Projecting 8 College Football Players Who Will Soar Up NFL Draft Boards
Carson Wentz epitomized the term "late-rising prospect." The lead-up to the 2017 NFL draft will feature similar ascents—albeit not as meteoric.
Some college football players are stepping into larger roles this season or were overshadowed in the past, while a few others are established names who aren't yet consensus first-round talents. If the 2016 campaign goes as expected, though, that will change.
The list only includes draft-eligible prospects, although there is no guarantee the underclassmen highlighted will choose to forgo their final seasons of eligibility. But the following eight players could become darlings of the 2017 draft cycle.
Reuben Foster, ILB, Alabama
Throw on an Alabama tape. Odds are the player who most consistently stands out is Reuben Foster.
He's the definition of a thumper, but the 6'1", 240-pounder also has tremendous sideline-to-sideline speed. Foster notched 73 tackles, including eight for loss, last season, adding nine pass breakups and three quarterback hurries.
Don't overthink this one, NFL teams. Foster is a first-round pick.

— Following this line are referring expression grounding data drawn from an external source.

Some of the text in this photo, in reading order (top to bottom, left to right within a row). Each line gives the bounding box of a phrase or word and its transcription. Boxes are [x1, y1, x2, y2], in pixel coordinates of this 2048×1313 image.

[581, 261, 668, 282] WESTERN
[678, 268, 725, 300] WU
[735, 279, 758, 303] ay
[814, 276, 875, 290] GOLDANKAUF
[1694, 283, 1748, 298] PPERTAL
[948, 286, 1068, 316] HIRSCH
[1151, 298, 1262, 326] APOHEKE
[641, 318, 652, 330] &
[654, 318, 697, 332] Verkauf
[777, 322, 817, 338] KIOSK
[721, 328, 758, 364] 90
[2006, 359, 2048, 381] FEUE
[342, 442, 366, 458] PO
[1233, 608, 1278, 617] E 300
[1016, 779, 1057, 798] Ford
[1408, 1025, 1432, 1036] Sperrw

Cooper Kupp, WR, Eastern Washington
Cooper Kupp could've turned pro after the 2015-16 season. Instead, the receiver elected to return for his senior year at Eastern Washington.
Statistically, you won't find a better receiver. Kupp has 311 catches, 4,764 yards and 56 touchdowns heading into 2016. He's never had fewer than 93 receptions, 1,431 yards or 16 scores in any season.
But that's only against FCS competition, right?
Sure, but the 6'2", 205-pound target obliterated Oregon last season, snatching 15 passes for 246 yards and three trips to the end zone. He shredded Washington for an 8/145/3 line in 2014, too.
Kupp probably won't be taken ahead of JuJu Smith-Schuster (USC) or Mike Williams (Clemson), but a Day 1 or Day 2 draft slot for the small-school standout wouldn't be surprising.
Caleb Brantley, DT, Florida
Caleb Brantley doesn't lack confidence.
"I think I'm the best D-lineman in the country," he said, per Zach Abolverdi of SEC Country. "I'm coming out to try and prove it."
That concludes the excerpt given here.